Dopiero co poinformowaliśmy o utrzymaniu status quo w funkcjonowaniu komunikacji miejskiej w Częstochowie, zauważając, że sprzyja to pożądanemu rozrzedzeniu zagęszczenia pasażerów, a tymczasem zdecydowano o zmianach w rozkładach jazdy.
Do tej pory w Częstochowie nie pojawiły się przypadki zakażeń koronawirusem Sars-CoV-2 w natężeniu uzasadniającym istnienie niepokojów społecznych – w chwili pisania tego tekstu wiadomo o dwu mieszkańcach podejrzanych o zakażenie. Tym bardziej ważne są środki zaradcze, pozwalające utrzymać ten niski wskaźnik.
W komunikacji miejskiej do tej pory
wprowadzono jedynie strefy ochronne dla kierujących pojazdami oraz zrezygnowano ze sprzedaży biletów przez nich. Do tej pory tramwaje i autobusy kursowały na dotychczasowych zasadach, co przez wielu było poczytywane in plus z uwagi na rozrzedzenie ilości podróżujących nimi, co jest istotne z punktu widzenia profilaktyki zakażeń. Pojawiły się jednak głosy przeczące takim działaniom, wskazujące jedynie na komfort pracy motorniczych i kierowców.
Autobusów mniej
Wprowadzone w innych miastach rzadsze rozkłady jazdy są już komentowane negatywnie, a głosy krytyków zwracają uwagę właśnie na większe zagęszczenie pasażerów.

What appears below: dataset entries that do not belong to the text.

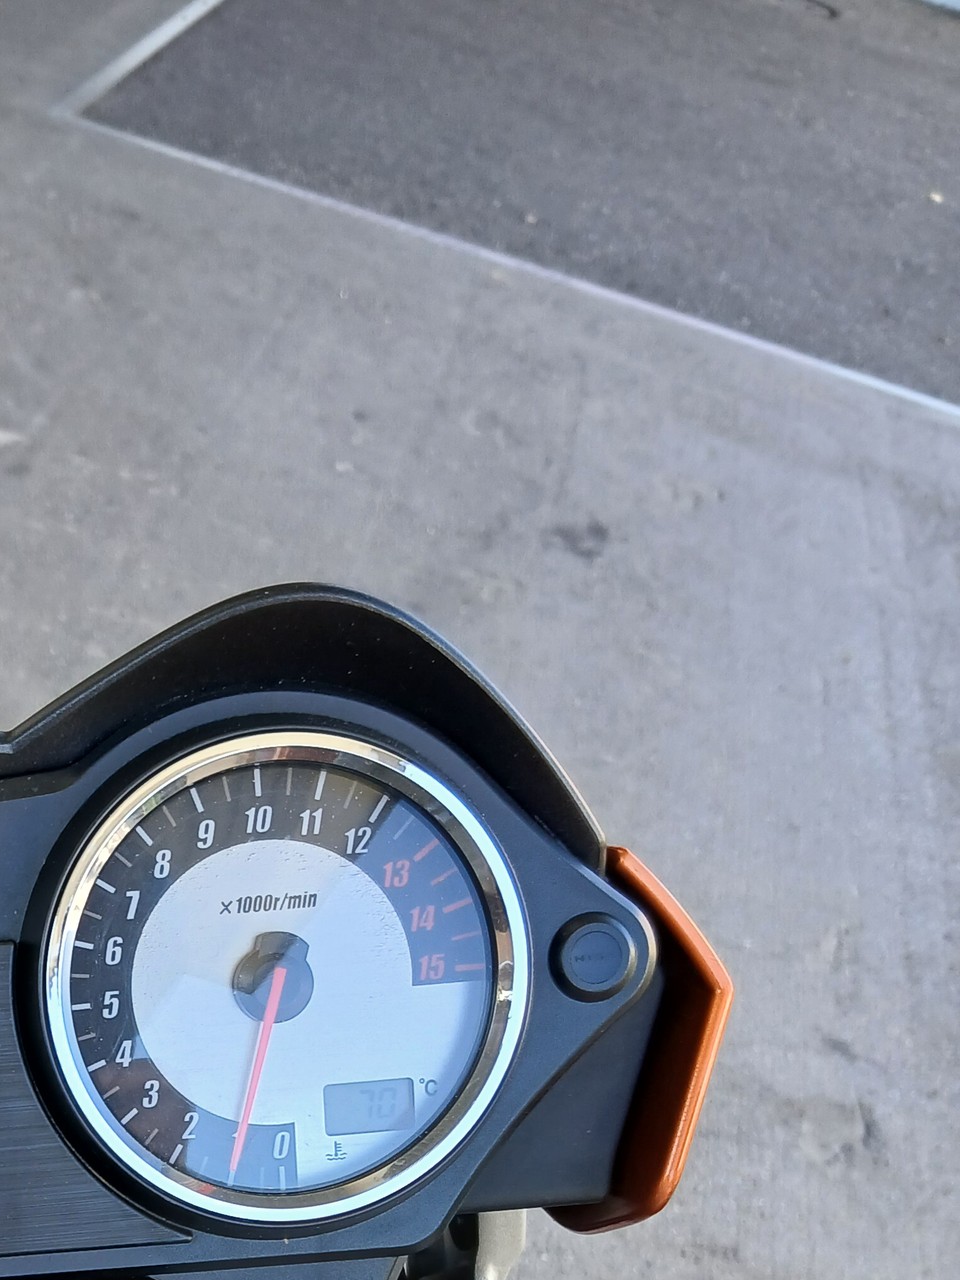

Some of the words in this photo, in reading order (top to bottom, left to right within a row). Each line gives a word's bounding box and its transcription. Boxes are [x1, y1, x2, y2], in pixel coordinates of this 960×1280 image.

[196, 819, 215, 850] 9
[244, 806, 273, 834] 10
[299, 807, 323, 837] 11
[344, 826, 372, 856] 12
[153, 849, 171, 879] 8
[382, 858, 411, 889] 13
[125, 890, 141, 921] 7
[409, 904, 435, 932] 14
[104, 936, 123, 966] 6
[418, 953, 445, 981] 15
[102, 990, 120, 1020] 5
[115, 1040, 133, 1067] 4
[142, 1079, 159, 1108] 3
[181, 1111, 200, 1140] 2
[272, 1131, 291, 1160] 0
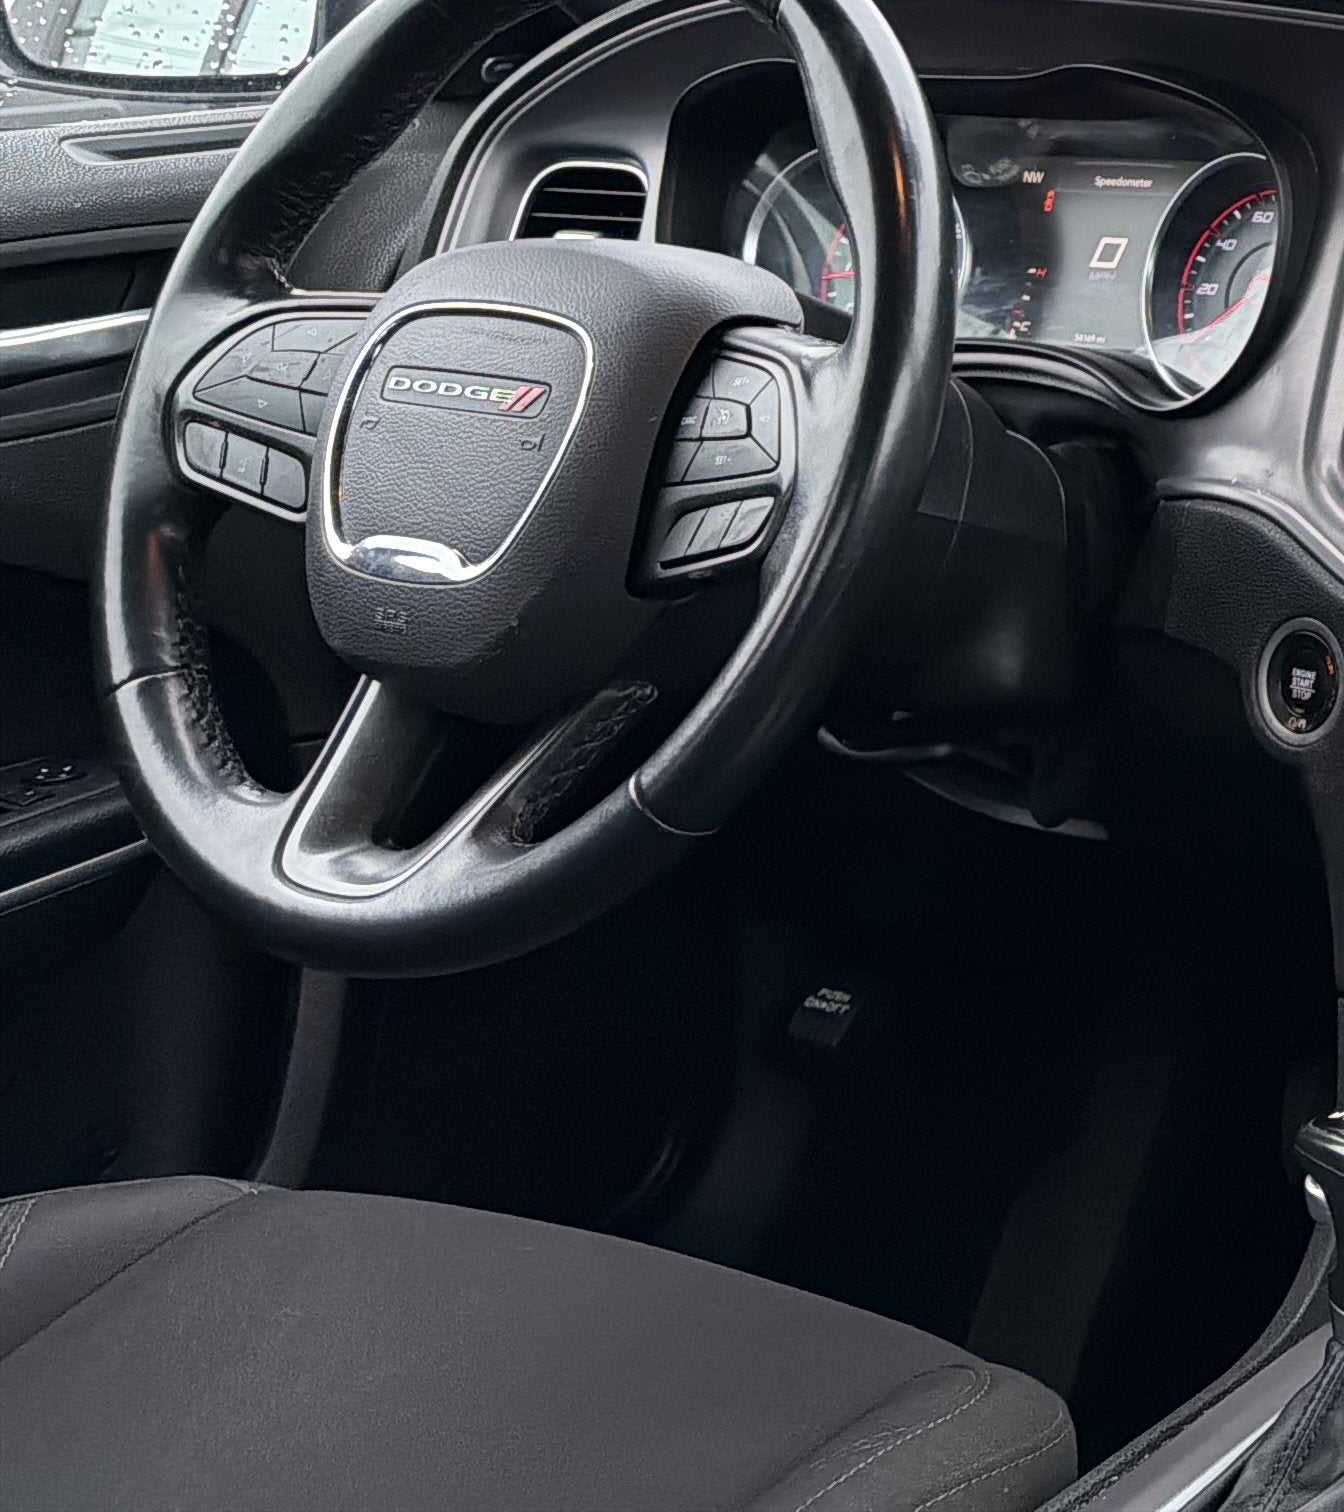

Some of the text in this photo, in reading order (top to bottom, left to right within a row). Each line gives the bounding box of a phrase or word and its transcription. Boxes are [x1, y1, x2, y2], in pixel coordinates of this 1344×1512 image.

[1022, 170, 1045, 185] NW
[1094, 175, 1153, 189] Speedometer
[1251, 211, 1275, 224] 60
[1215, 239, 1238, 251] 40
[1089, 236, 1129, 269] 0
[1036, 269, 1048, 278] H
[1196, 283, 1220, 296] 20
[388, 376, 516, 404] DODGE
[1292, 667, 1317, 679] ENGINE
[1291, 677, 1314, 689] START
[1292, 690, 1312, 701] STOP

Począwszy od 20 marca, częstochowski organizator komunikacji miejskiej zawiesił funkcjonowanie nocnej komunikacji weekendowej realizowanej liniami 81, 82, 83 i 84. Całotygodniowa linia nocna 80 ma działać nieprzerwanie dalej.
Miejski Zarząd Dróg i Transportu poinformował także podróżnych, że niektóre kursy wybranych autobusowych linii dziennych mogą zostać zawieszone. Nie sprecyzowano jednak, które i na jakich zasadach kursy te będą wyznaczane. W tym miejscu MZDiT odsyła do tablic systemu dynamicznej informacji pasażerskiej, który po trwających przeciągle testach nagle przełączono na domyślny system pracy w czasie rzeczywistym.
Wakacje wcześniej
Zmiany dotykające wszystkich pasażerów zaczną obowiązywać od 1 kwietnia, kiedy przedwcześnie wprowadzony zostanie wakacyjny rozkład jazdy dla wszystkich linii. Rozkłady te będą obowiązywać do odwołania.
Organizator komunikacji miejskiej uprzedził również, że zależnie od sytuacji można spodziewać się kolejnych, doraźnie wprowadzanych modyfikacji w wykonywaniu transportu.
Okolice Częstochowy rzadziej
Mieszkańcy gmin ościennych również odczuwają skutki wzmożonej profilaktyki. Najwięksi przewoźnicy i operatorzy zdecydowali o rozrzedzeniu realizowanych przez siebie kursów. Tym samym na północnojurajskich przystankach dłużej trzeba czekać na autobusy PKS Częstochowa, GZK Rędziny i GTV Bus.
Wobec braku danych i przyjmując ogólną tendencję, śmiało zakładać można, że drobni przewoźnicy (busy) również zmniejszyli częstotliwość kursów albo w ogóle z nich zrezygnowali.